- Your instructions:
Exact transcription of the data below is required, without the images.

- Given data:
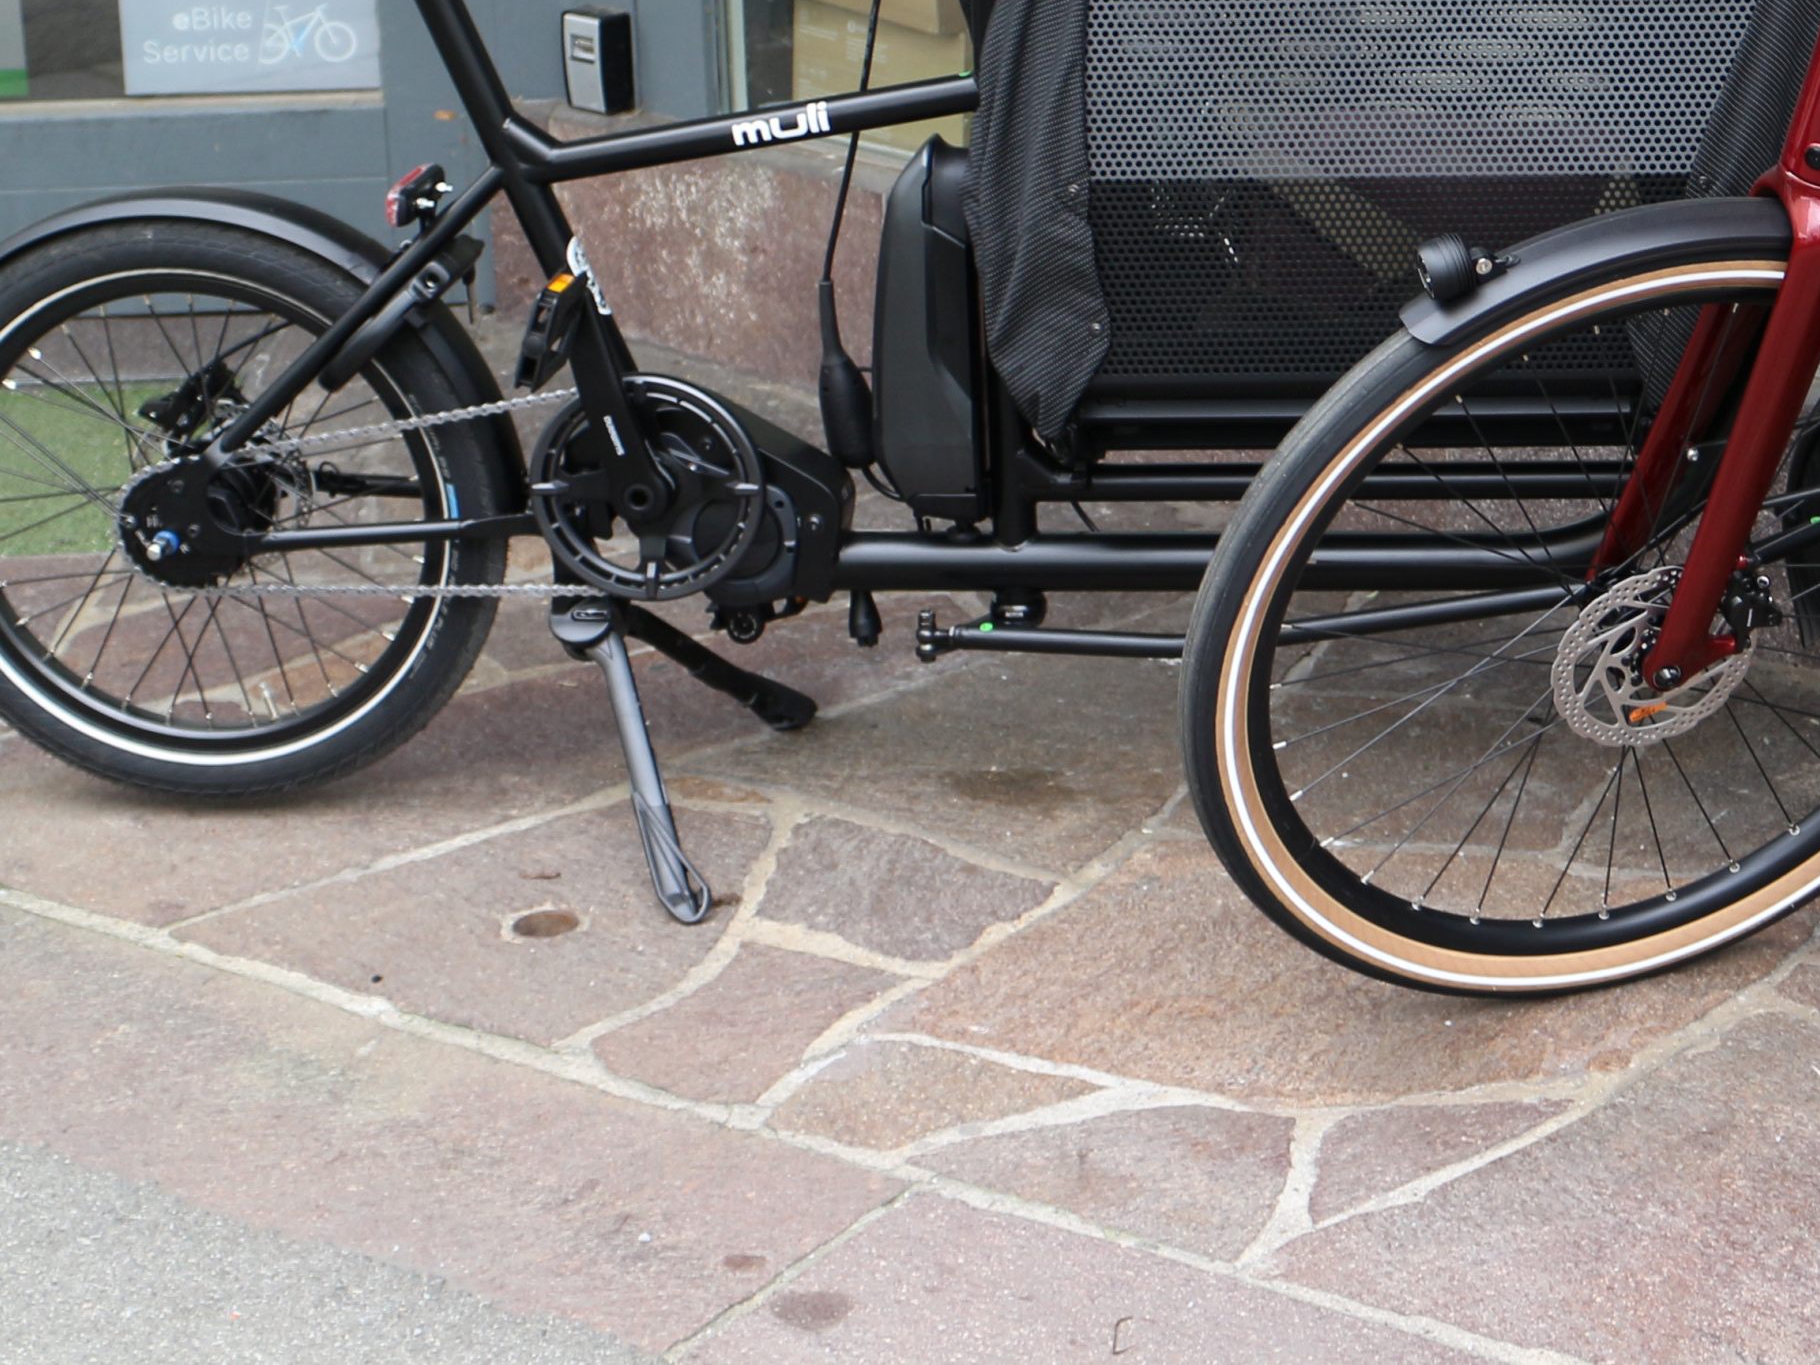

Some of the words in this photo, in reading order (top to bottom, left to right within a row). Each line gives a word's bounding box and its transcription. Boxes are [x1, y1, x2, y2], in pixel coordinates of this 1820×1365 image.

[172, 5, 252, 30] eBike
[143, 39, 249, 64] Service
[731, 101, 831, 146] muli
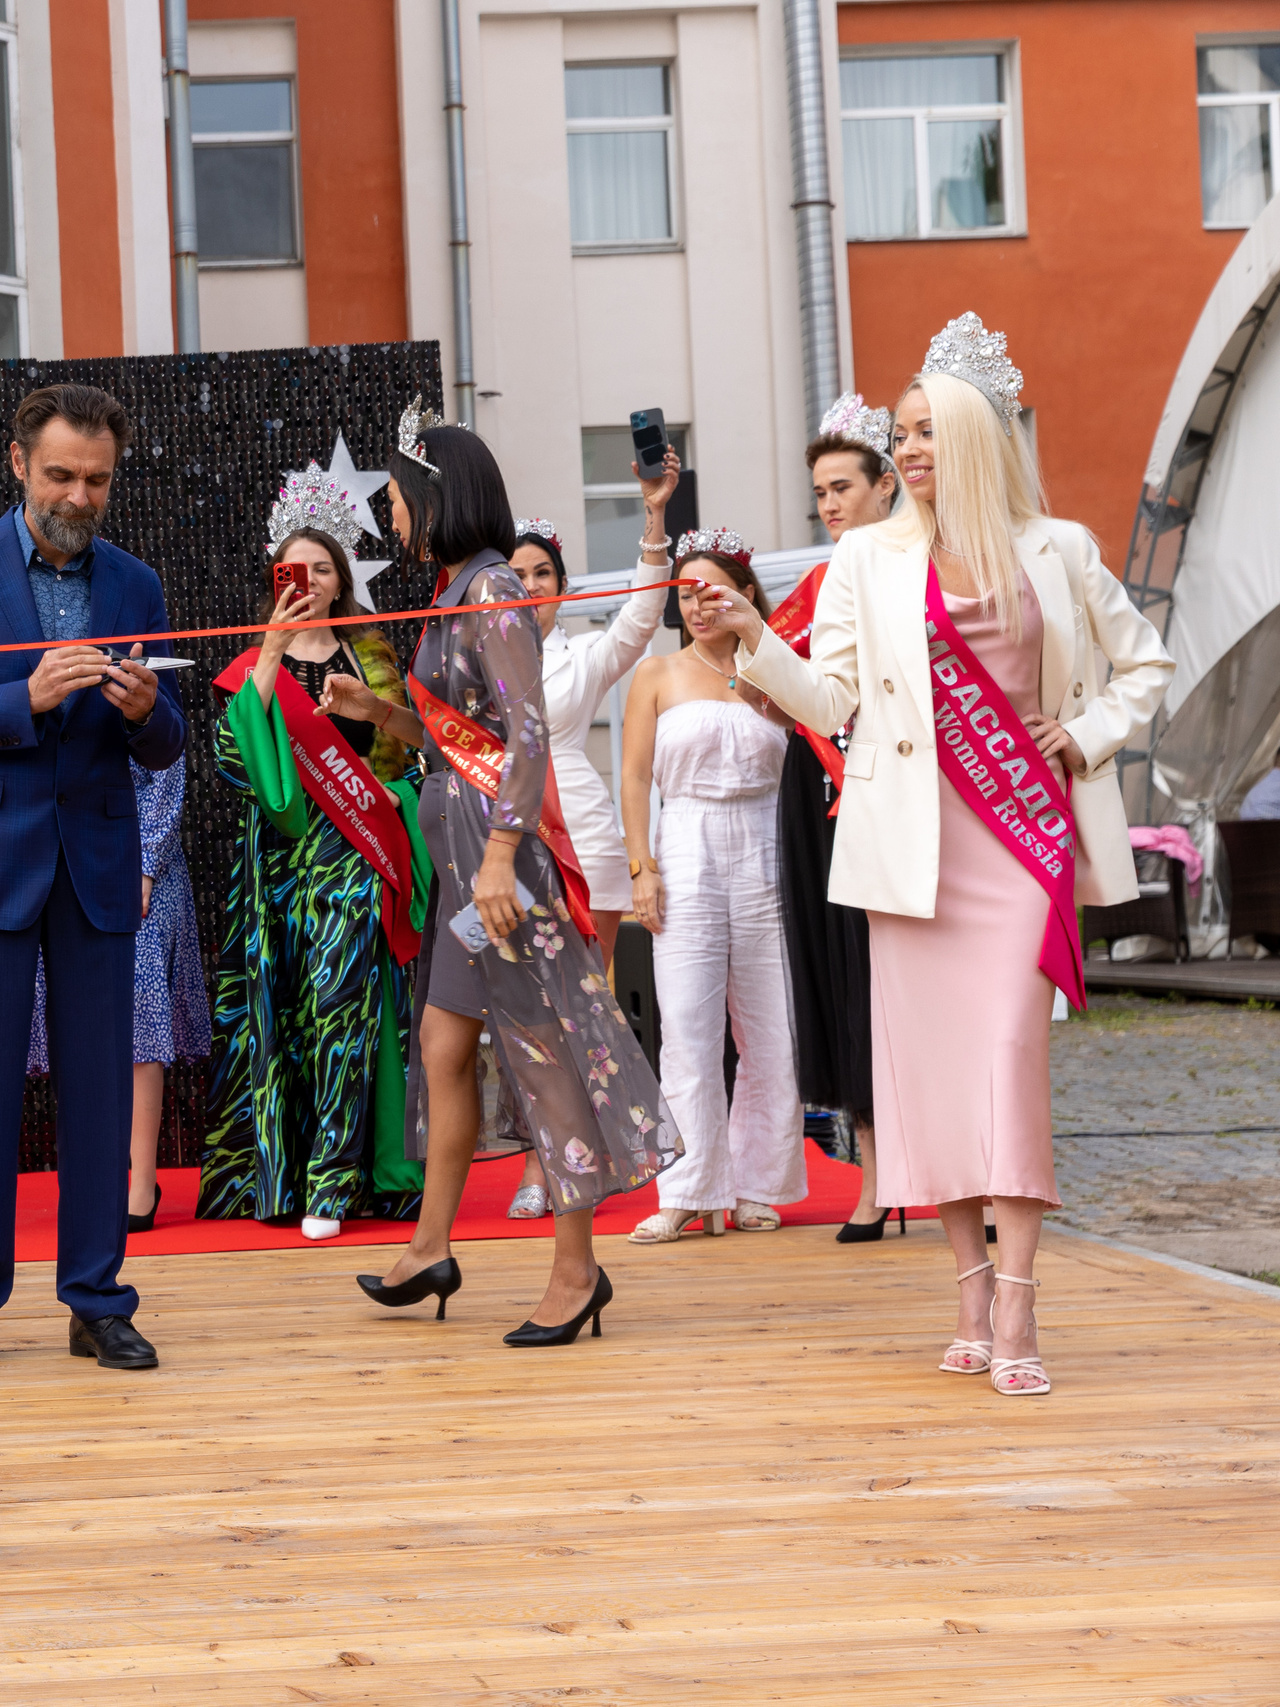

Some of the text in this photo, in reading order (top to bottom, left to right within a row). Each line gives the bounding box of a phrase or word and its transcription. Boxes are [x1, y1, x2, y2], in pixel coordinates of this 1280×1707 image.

[424, 701, 476, 749] VICE
[441, 745, 470, 770] Saint
[925, 605, 1075, 858] МБАССАДОР
[292, 742, 325, 783] Woman
[322, 780, 349, 811] Saint
[345, 807, 388, 865] Petersburg
[320, 745, 376, 812] MISS
[934, 701, 1064, 878] Woman Russia

- Your solution:
Some of the words in this photo, in reading order (top to bottom, left to right within a row). Each line gives a word's bounding box and its transcription. Boxes are [x1, y1, x2, y2], in pixel coordinates of this 1820×1365 image.

[172, 5, 252, 30] eBike
[143, 39, 249, 64] Service
[731, 101, 831, 146] muli

Some of the text in this photo, in reading order (top to bottom, left to right within a row). Each line gives the bounding box of a phrase or word and its transcription. Boxes are [x1, y1, x2, y2], in pixel coordinates of this 1280×1707 image.

[424, 701, 476, 749] VICE
[441, 745, 470, 770] Saint
[925, 605, 1075, 858] МБАССАДОР
[292, 742, 325, 783] Woman
[322, 780, 349, 811] Saint
[345, 807, 388, 865] Petersburg
[320, 745, 376, 812] MISS
[934, 701, 1064, 878] Woman Russia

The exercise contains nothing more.